Playing with your school-aged child

Part 3 of 3: Exploring the role of play in child development
a family plays a board game together, for article on playing with your school-aged child

Welcome to our third and final installment of exploring the role of play in children’s development: your school-aged child. This is the really fun, rule-bending, all-bets-are-off part! Because while playing with babies, toddlers, and young children are excellent brain-stretchers and imagination builders for them, playing with your school-aged child will often be intellectually challenging for you.

When you’re planning your play with school-aged children, use “Calvinball” as a guide – the made-up game in the long-running comic strip “Calvin and Hobbes.” Calvinball’s only rule was that you could never have the same rule twice. They used a variety of unrelated items in bizarre ways: wickets, volleyballs, flags, trees, buckets, masks and mallets.

This free-for-all spirit is just the thing to make playing a rich and rewarding experience for your explorers as well as yourself.

Play Has No Age Limit

Your school-aged children may say that they are too old to play, but don’t believe them. This is when play can be deeply involved and involving, a cornucopia of imagination that reaps cognitive rewards in ways you can’t anticipate.
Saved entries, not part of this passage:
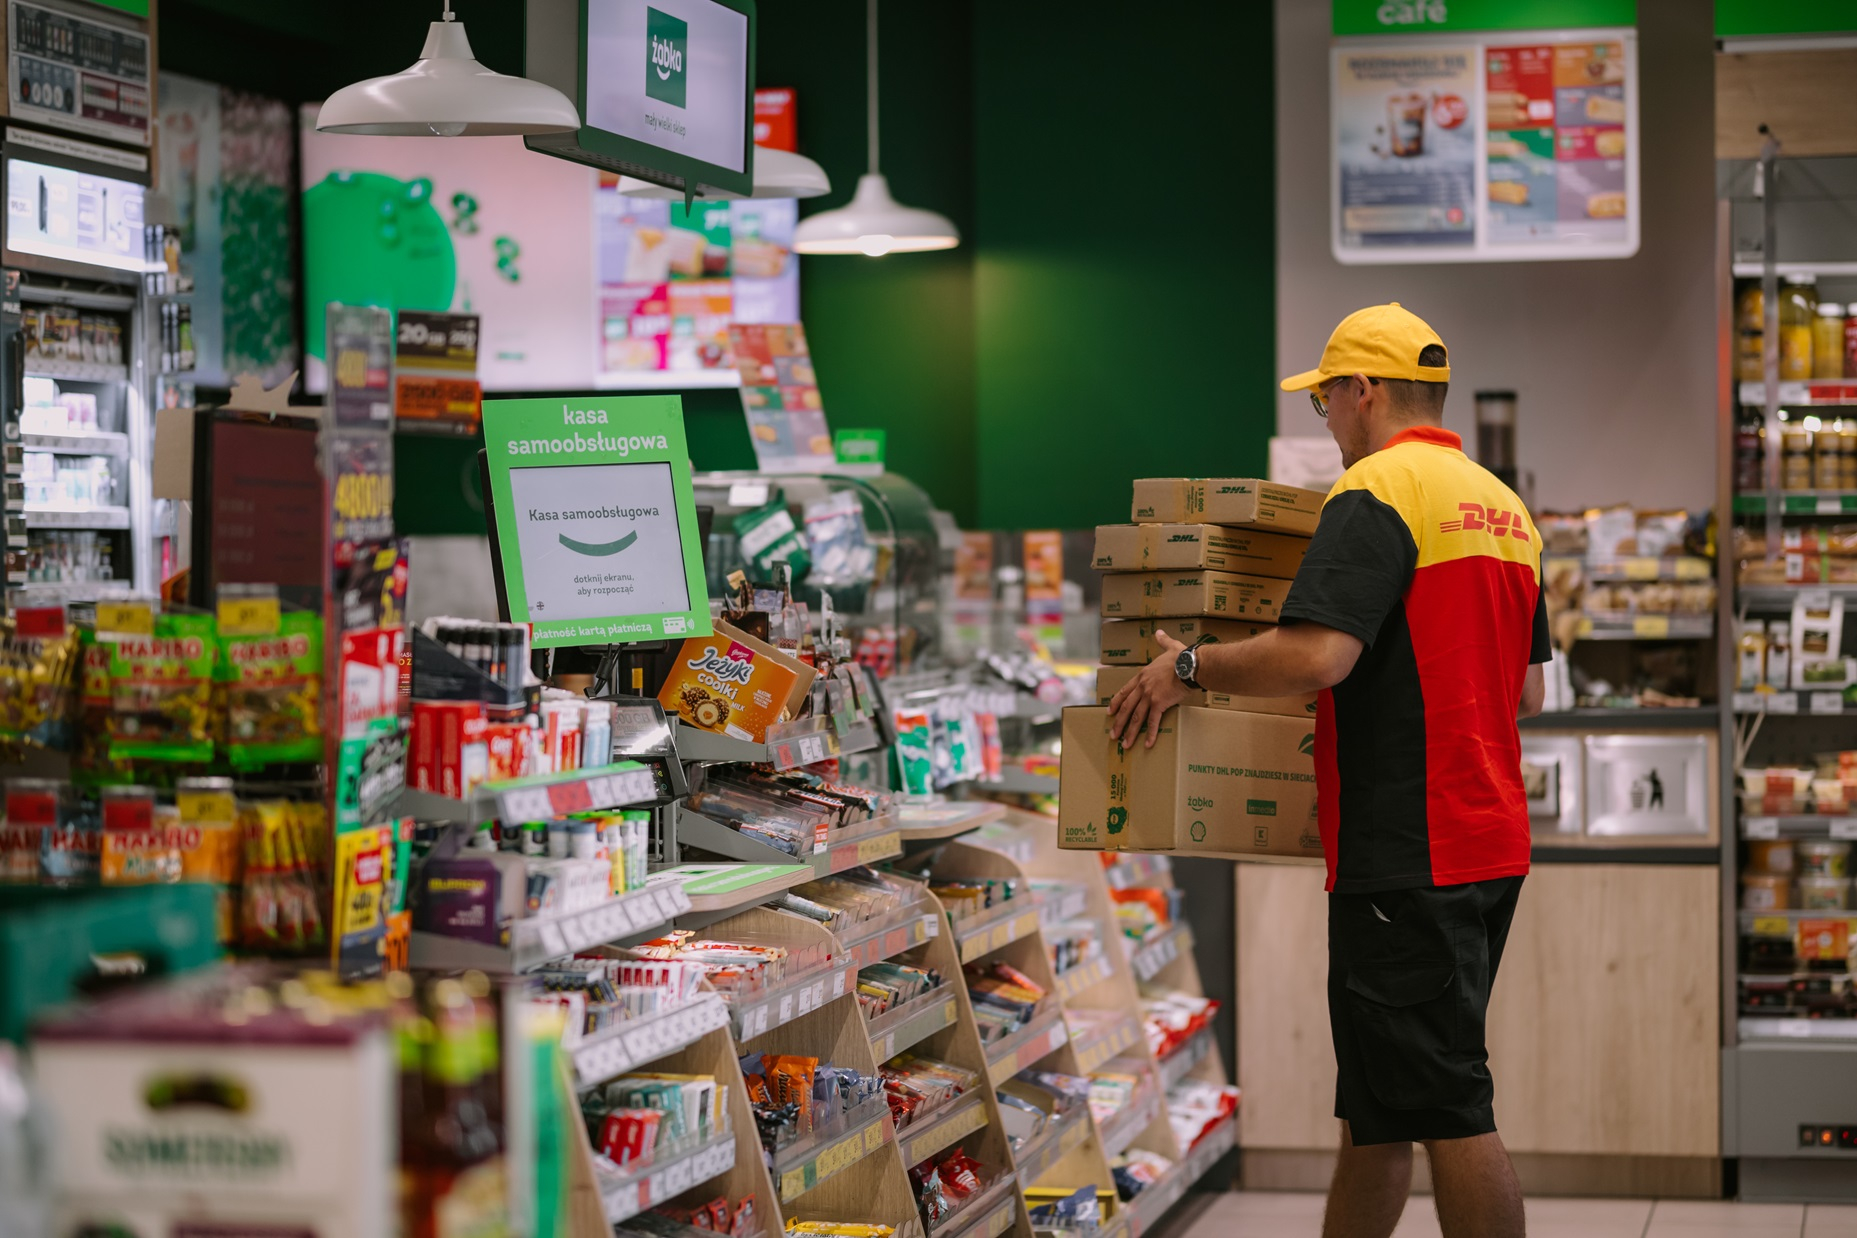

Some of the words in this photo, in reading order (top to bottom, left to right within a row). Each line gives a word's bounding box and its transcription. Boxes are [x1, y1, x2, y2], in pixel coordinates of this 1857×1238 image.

[1377, 0, 1447, 25] café
[652, 34, 682, 73] żabka
[645, 113, 658, 131] mały
[563, 404, 608, 425] kasa
[507, 431, 668, 457] samoobsługowa
[1217, 486, 1251, 494] DHL
[528, 509, 559, 521] Kasa
[562, 505, 660, 521] samoobsługowa
[1457, 502, 1530, 543] DHL
[1168, 534, 1199, 543] DHL
[573, 574, 602, 584] dotknij
[604, 573, 635, 583] ekranu,
[1174, 578, 1203, 587] DHL
[577, 586, 592, 597] aby
[593, 584, 634, 596] rozpocząć
[533, 624, 577, 642] płatność
[578, 624, 607, 638] kartą
[608, 623, 653, 636] płatniczą
[688, 647, 754, 684] Jeżyki
[697, 673, 739, 700] coolki
[731, 701, 746, 712] MILK
[1188, 763, 1215, 775] PUNKTY
[1216, 766, 1230, 776] DHL
[1230, 767, 1244, 777] POP
[1245, 769, 1282, 779] ZNAJDZIESZ
[1283, 772, 1289, 781] W
[1188, 796, 1214, 808] żabka
[1065, 827, 1086, 836] 100%
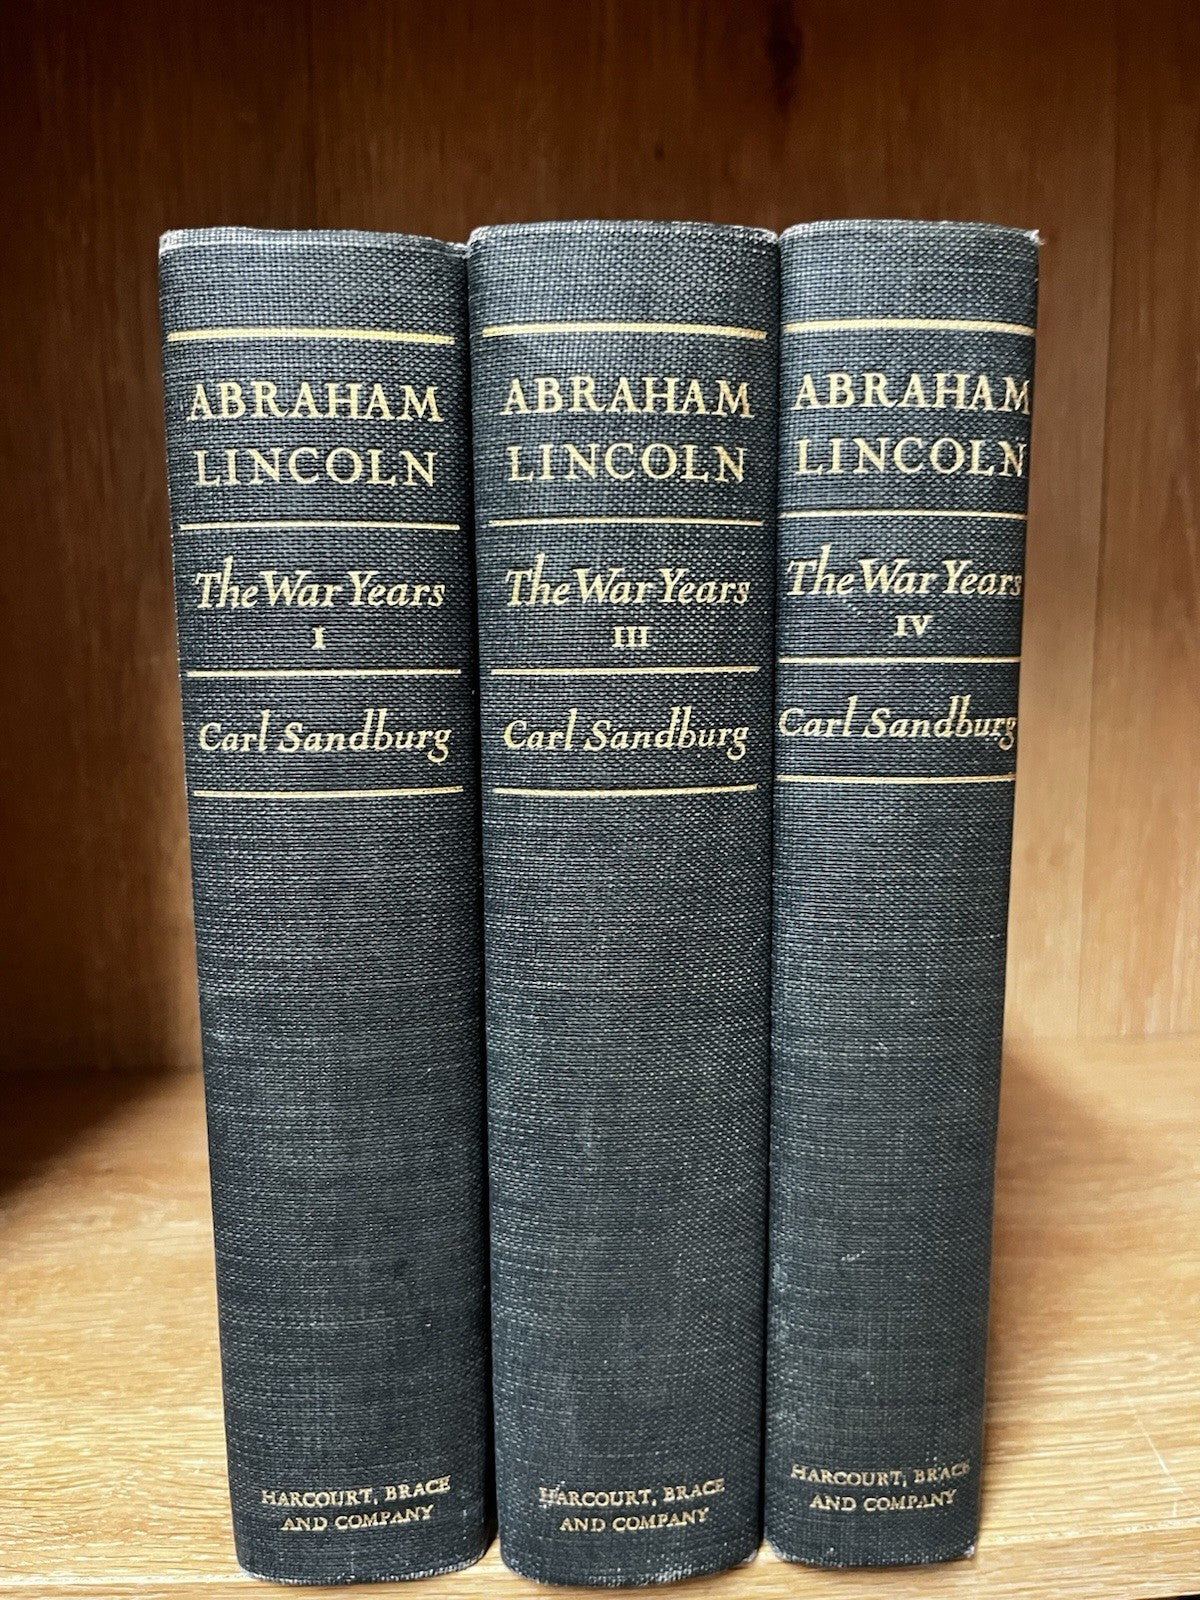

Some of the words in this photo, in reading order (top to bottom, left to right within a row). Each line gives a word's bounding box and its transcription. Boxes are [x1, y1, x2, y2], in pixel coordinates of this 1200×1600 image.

5 Tips for Playing With Your School-Aged Child

What are some ways you can make sure your school-aged child is getting quality playtime with you?
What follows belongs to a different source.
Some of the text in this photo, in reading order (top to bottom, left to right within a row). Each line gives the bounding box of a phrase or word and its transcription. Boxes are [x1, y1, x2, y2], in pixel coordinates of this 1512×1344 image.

1. A Ball, A Goal, and You!

Take your inspiration from “Calvinball” and make up a game with your child, who will likely have many ideas about rules to get a ball in a goal. The sillier the rules the better – if you forget to touch your nose when you run around the couch, you have to sing “I’m a Little Teapot”; to earn five points, use the ball to represent something else (a cell phone, a puppy, an octopus).

2. Board Games & More.

Use the power of game-creators to lead you and your child to interesting and engaging play. Has it been a long time since you played “Monopoly”? “Uno”? Throw in some newer games (“Balderdash” and “Scattergories”) and see what your family likes best.
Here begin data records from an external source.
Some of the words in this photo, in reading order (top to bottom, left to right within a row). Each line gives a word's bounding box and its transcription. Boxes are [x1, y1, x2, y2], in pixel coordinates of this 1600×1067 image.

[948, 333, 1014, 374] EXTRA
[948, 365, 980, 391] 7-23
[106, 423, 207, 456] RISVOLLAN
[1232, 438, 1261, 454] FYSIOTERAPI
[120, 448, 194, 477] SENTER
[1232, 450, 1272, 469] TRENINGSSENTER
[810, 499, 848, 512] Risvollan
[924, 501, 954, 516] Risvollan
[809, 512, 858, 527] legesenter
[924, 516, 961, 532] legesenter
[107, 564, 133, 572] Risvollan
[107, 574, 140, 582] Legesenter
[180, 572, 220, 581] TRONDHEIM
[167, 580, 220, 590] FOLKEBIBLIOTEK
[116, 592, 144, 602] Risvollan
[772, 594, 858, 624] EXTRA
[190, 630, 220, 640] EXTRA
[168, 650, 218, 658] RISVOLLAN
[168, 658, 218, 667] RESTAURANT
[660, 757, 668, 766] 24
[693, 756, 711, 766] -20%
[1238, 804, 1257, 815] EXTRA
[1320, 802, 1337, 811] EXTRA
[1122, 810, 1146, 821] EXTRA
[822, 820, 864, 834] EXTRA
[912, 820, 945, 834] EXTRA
3. Take a trip to Lacipor.

One of the benefits of playing with school-aged children is that you don’t always need to move or have objects to play a game: your imaginations are enough. Personally, one of my favorite games to play as a school-aged child was creating a made-up land called “Lacipor” (“tropical” spelled backwards and without the “t”) and spinning tales with my parents and teachers about who lived there, what the Laciporians did and how they handled the magical flying coconut-monsters who terrorized the other side of the island. (Turns out, I dreamed the world of “Moana” 35 years before it came to fruition in the Disney movie.) Help your child create a similar made-up land as an ongoing game.

4. Enlist them as baby/toddler “Play Engineers”.

If you have smaller children or babies, ask your school-aged child to lead the play with them. Teach them some of the easy games outlined in the earlier articles in this series, and let them know how important they are as “play engineers” in helping the little ones.

5. Let them take charge.

Finally, another positive feature of playing with your school-aged child is that you don’t always have to lead the activities. Make a regular habit of asking your kid to be the “play planner” and decide what to do. This helps children develop what cognitive scientists call “executive functions” of the brain, which is a higher form of thinking and logic.

Go Forth and Play!

Now that you have the whys as well as the hows to play with your baby, toddler, young child, and school-aged child, it’s time to put all of that knowledge in action. Go forth and play!